Coaches can’t win if they’re standing against their players

Tim Heitman-USA TODAY Sports

Fans need to get with the program.

The coaches of the Oklahoma Sooners and their peers across college football experienced an outbreak of social consciousness in the last week amid protests and demonstrations against systemic racism and police brutality around the United States. Such gestures have become a requirement of their jobs given an overwhelming number of white men are paid handsomely to coach predominately Black athletes on their rosters.

Are coaches being genuine? You’d hope that their concern transcends keeping the peace in their locker rooms or nipping ugly talk on the recruiting trail in the bud. But I’ll leave it to someone else to decide who’s sincere and who isn’t.

Check out your favorite team’s message board or Twitter hive, though. You’ll likely find decidedly less unified opinions of what Black Lives Matter means, and a fair number of them won’t be complimentary. There will be plenty of #sticktosports hurled at coaches and players alike from the last few days. Complaints are stacking up everywhere over the alma mater “caving to PC mobs.”

In an interview this week, Texas Longhorns coach Tom Herman astutely described the differences in how his players view the world and what most fans see. In the process, he hinted at the line those in his profession walk between supporting the young men who make them money and the people who actually fund their salaries.

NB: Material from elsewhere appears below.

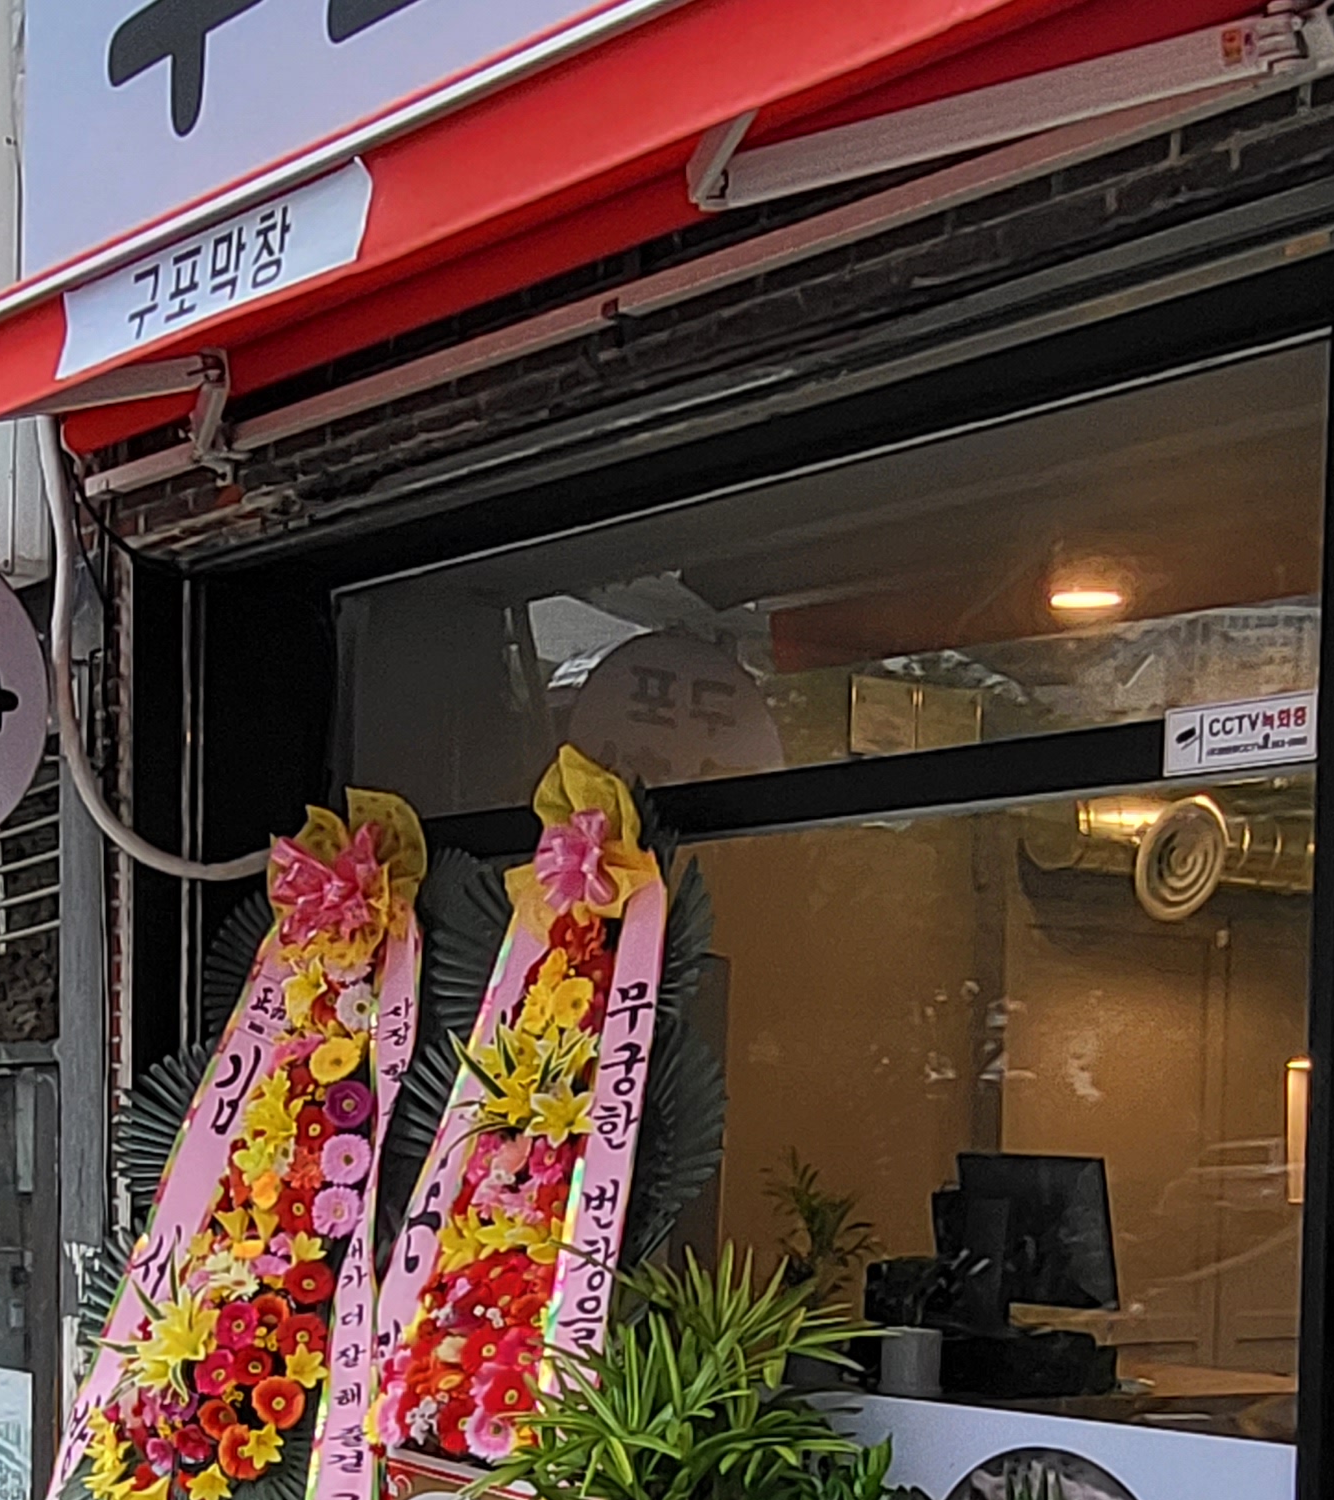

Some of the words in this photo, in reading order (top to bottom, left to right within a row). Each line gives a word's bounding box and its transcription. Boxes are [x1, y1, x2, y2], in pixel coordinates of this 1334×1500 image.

[128, 206, 292, 337] 구포막창
[592, 981, 653, 1150] 무궁한
[558, 1179, 620, 1347] 번창을

“Can the average fan relate? No, they can’t,” Herman said. “There’s a double standard maybe a little bit. We’re going to pack 100,000 people into DKR and millions watch on TV that are predominantly white — not all of them certainly, but most of ’em white. We’re gonna cheer when they score touchdowns, and we’re gonna hug our buddy when they get sacks or an interception.

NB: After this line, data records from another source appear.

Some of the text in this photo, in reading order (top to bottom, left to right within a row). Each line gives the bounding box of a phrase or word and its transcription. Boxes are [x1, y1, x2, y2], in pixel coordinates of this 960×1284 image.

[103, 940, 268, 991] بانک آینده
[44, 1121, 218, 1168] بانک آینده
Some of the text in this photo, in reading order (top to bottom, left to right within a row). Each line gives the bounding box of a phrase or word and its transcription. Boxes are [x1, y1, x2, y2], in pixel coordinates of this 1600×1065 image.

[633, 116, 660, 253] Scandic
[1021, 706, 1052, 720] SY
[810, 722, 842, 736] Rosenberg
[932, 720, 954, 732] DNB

“But we gonna let them date our daughter? Are we going to hire them in a position of power in our company? That’s the question I have for America. You can’t have it both ways.

“And if you’re going to cheer them and love them for three-and-a-half hours a Saturday in the fall, you better have the same feelings for them off the field, because they’re human beings. They deserve the same amount of respect and human rights that all of us do in this country when we agreed on the social contract to be a member of the United States.”

Those kinds of comments will endear Herman to his players. You can also imagine how they might antagonize some Bevo devotees, including some of burnt orange’s big bucks. The same would be true for Lincoln Riley. Or Nick Saban. Or Ed Orgeron.

But this is reality now in college football. Coaches know how badly they need talent to win. Opposing your players on the social issues that are important to them won’t help you there. In fact, as Florida State Seminoles star Marvin Wilson made clear to new FSU head coach Mike Norvell, players want more than just token nods to their causes.

On the flip side, a coach marching in political lockstep with a fan base won’t keep him from getting canned if he’s taking Ls every week. So if players and coaches speaking out or protesting irks you as a fan, you better figure out how to deal with it.

Of course, a vast gulf lies between toleration and agreement. Unfortunately for the players, they don’t have the power to make the people who cheer for them on game days care about their plight the rest of the year. There are no magic words that well-intentioned coaches can say to change how fans feel.

All they can do is keep talking. It’s on the rest of us to actually listen.